To solve this problem, you need to set up and solve an equation based on the stoichiometry of the reaction between sodium hydroxide (NaOH) and oxalic acid (H2C2O4). Here's how you can approach it:
1. Convert the volume of the oxalic acid solution used in the titration to moles. You can use the formula:
Moles of H2C2O4 = Concentration (M) x Volume (L)

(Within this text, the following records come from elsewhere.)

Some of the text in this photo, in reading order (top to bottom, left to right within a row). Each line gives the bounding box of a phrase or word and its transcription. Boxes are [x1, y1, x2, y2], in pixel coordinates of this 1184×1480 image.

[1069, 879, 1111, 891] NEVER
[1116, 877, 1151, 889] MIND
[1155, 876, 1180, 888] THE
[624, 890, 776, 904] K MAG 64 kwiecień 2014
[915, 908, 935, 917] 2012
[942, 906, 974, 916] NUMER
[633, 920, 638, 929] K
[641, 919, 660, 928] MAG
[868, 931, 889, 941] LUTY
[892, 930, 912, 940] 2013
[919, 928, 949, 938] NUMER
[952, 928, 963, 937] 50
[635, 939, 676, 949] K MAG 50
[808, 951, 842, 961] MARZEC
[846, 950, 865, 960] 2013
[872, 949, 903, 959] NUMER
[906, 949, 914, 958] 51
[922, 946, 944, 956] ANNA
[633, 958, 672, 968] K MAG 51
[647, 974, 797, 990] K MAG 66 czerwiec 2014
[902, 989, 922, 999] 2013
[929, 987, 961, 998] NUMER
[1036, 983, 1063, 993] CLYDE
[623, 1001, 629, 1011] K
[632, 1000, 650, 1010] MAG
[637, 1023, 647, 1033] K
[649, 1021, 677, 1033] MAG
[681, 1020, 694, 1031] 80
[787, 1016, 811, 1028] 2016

In this case, the concentration is 0.130 M, and the volume is 21.50 mL (convert it to liters by dividing by 1000).
2. Determine the stoichiometry of the reaction. The balanced chemical equation between NaOH and H2C2O4 is:
2 NaOH + H2C2O4 -> Na2C2O4 + 2 H2O
This means that for every 2 moles of NaOH, you need 1 mole of H2C2O4.
3. Use the stoichiometry to determine the moles of NaOH consumed in the reaction. Divide the moles of H2C2O4 obtained in step 1 by the stoichiometric ratio of NaOH to H2C2O4 (which is 2:1 in this case). This will give you the moles of NaOH.
4. Calculate the mass of NaOH in the impure sample. Use the moles of NaOH from step 3 and the molar mass of NaOH (which is 22.99 g/mol) to calculate the mass.
Mass of NaOH = Moles of NaOH x Molar mass of NaOH
5. Calculate the percent NaOH in the impure sample. Use the mass of NaOH from step 4 and the mass of the impure sample (which is 0.240 g) to calculate the percentage.
Percent NaOH = (Mass of NaOH / Mass of impure sample) x 100%
Follow these steps to solve the problem and find the percent of sodium hydroxide in the impure sample.